I am analysing an two condition RNAseq dataset and would like to address questions around the behaviour of sets of transcripts. I am particularly interested in whether particular transcript sets have the tendency to be up or down regulated, as a group. As part of my analysis (in DESeq2) I have applied lfcShrink to shrink the log2FoldChanges.
If I look at my positive controls, I see that there are more significantly upregulated than down regulated (using an svalue for cutoff, with an lfcThreshold of 0.32). If I look at my negatives controls I see equal significantly up and down, and if I look at the gene set i'm interested in, I also see equal up and down.

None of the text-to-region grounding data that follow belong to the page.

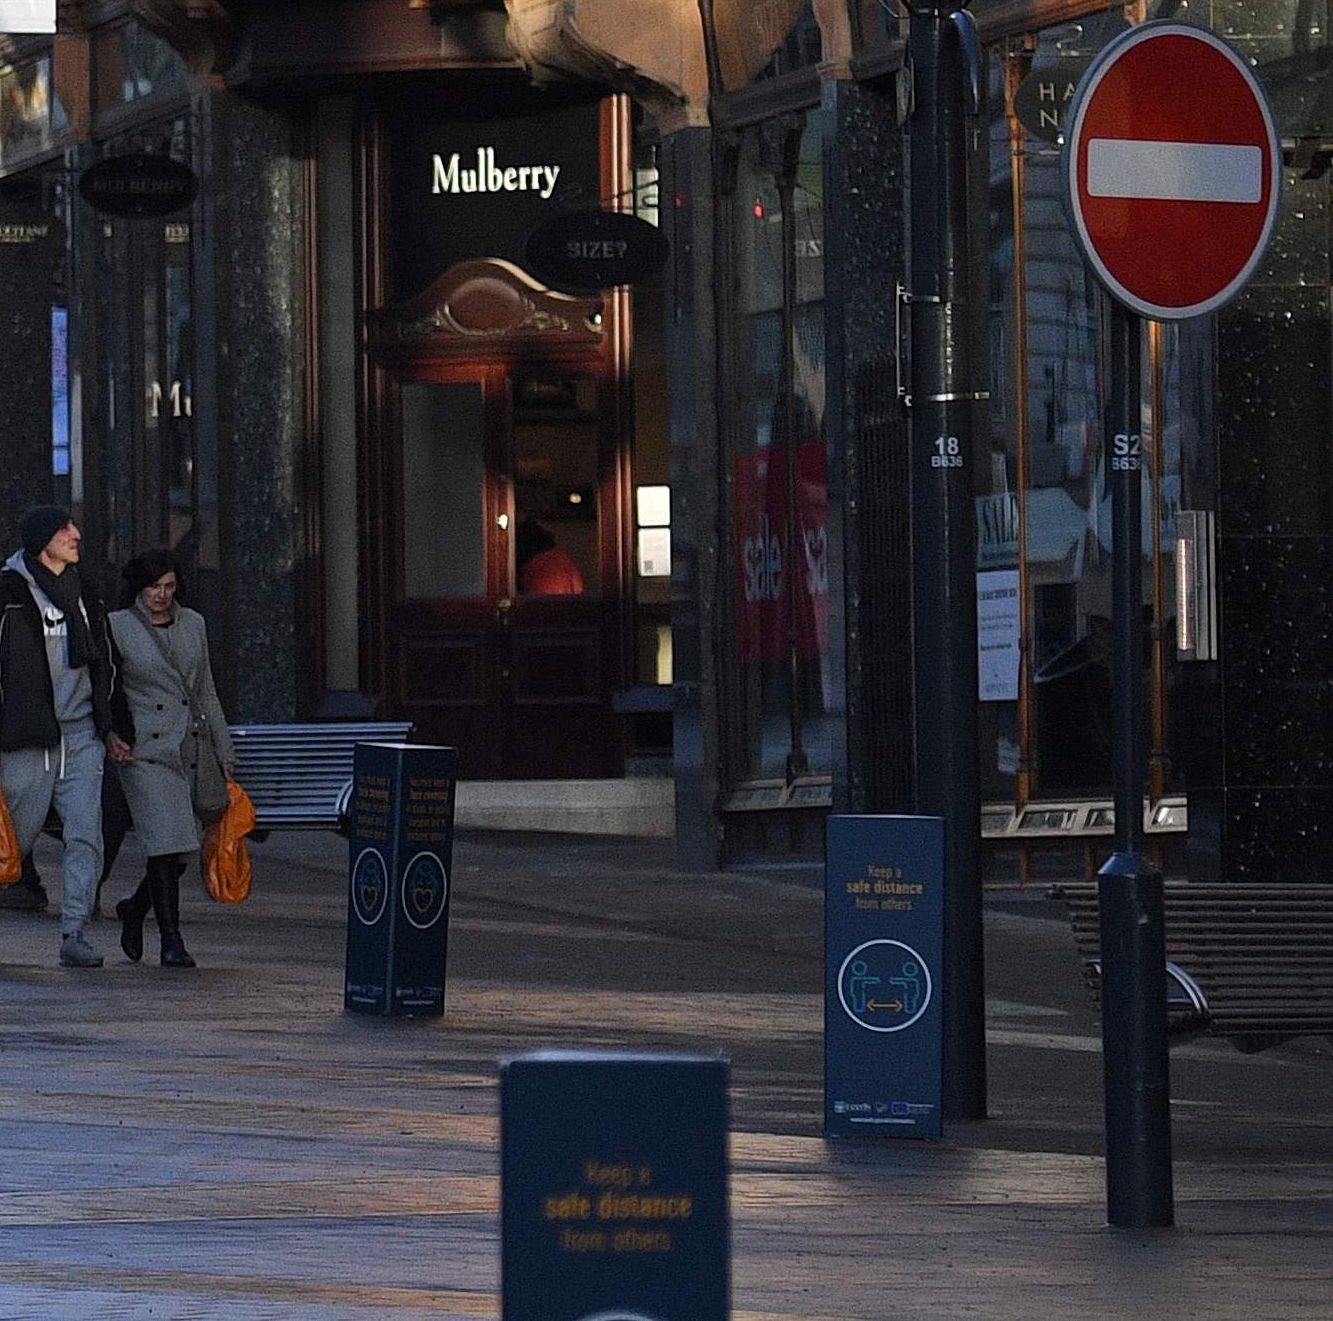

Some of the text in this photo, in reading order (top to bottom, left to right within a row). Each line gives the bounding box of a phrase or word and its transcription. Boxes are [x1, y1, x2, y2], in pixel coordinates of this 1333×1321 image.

[432, 146, 560, 199] Mulberry
[566, 242, 628, 259] SIZE?
[934, 436, 960, 455] 18
[1113, 434, 1141, 455] S2
[846, 879, 923, 894] safe distance
[598, 1191, 693, 1220] distance

However, if we put aside the significance or a moment, and look at just the log2FoldChanges of the whole set, we see that basically for all, the vast majority are unchanged, with a very strong peak at zero in all three sets (negative, positive and test set). If we look closely at the positive set, we see that the distribution of the positives does deviate slightly from the negatives, with a slight enrichment of things with an LFC > 0.
Concluding that my treatment DOESN'T increase the expression of my test set would be an unexpected and exciting finding - the null hypothesis would be that they behave like the positive controls, but I can't help wonder if i'm biasing towards this finding by using lfcShrink.
If I look at the same thing without lfcShink, there is a much bigger difference. But here I'm worried that this might be caused by the expression of the test set being lower than the positive or negative sets.
Does anyone have any thoughts on whether shrinkage of LFCs is the correct thing to do here?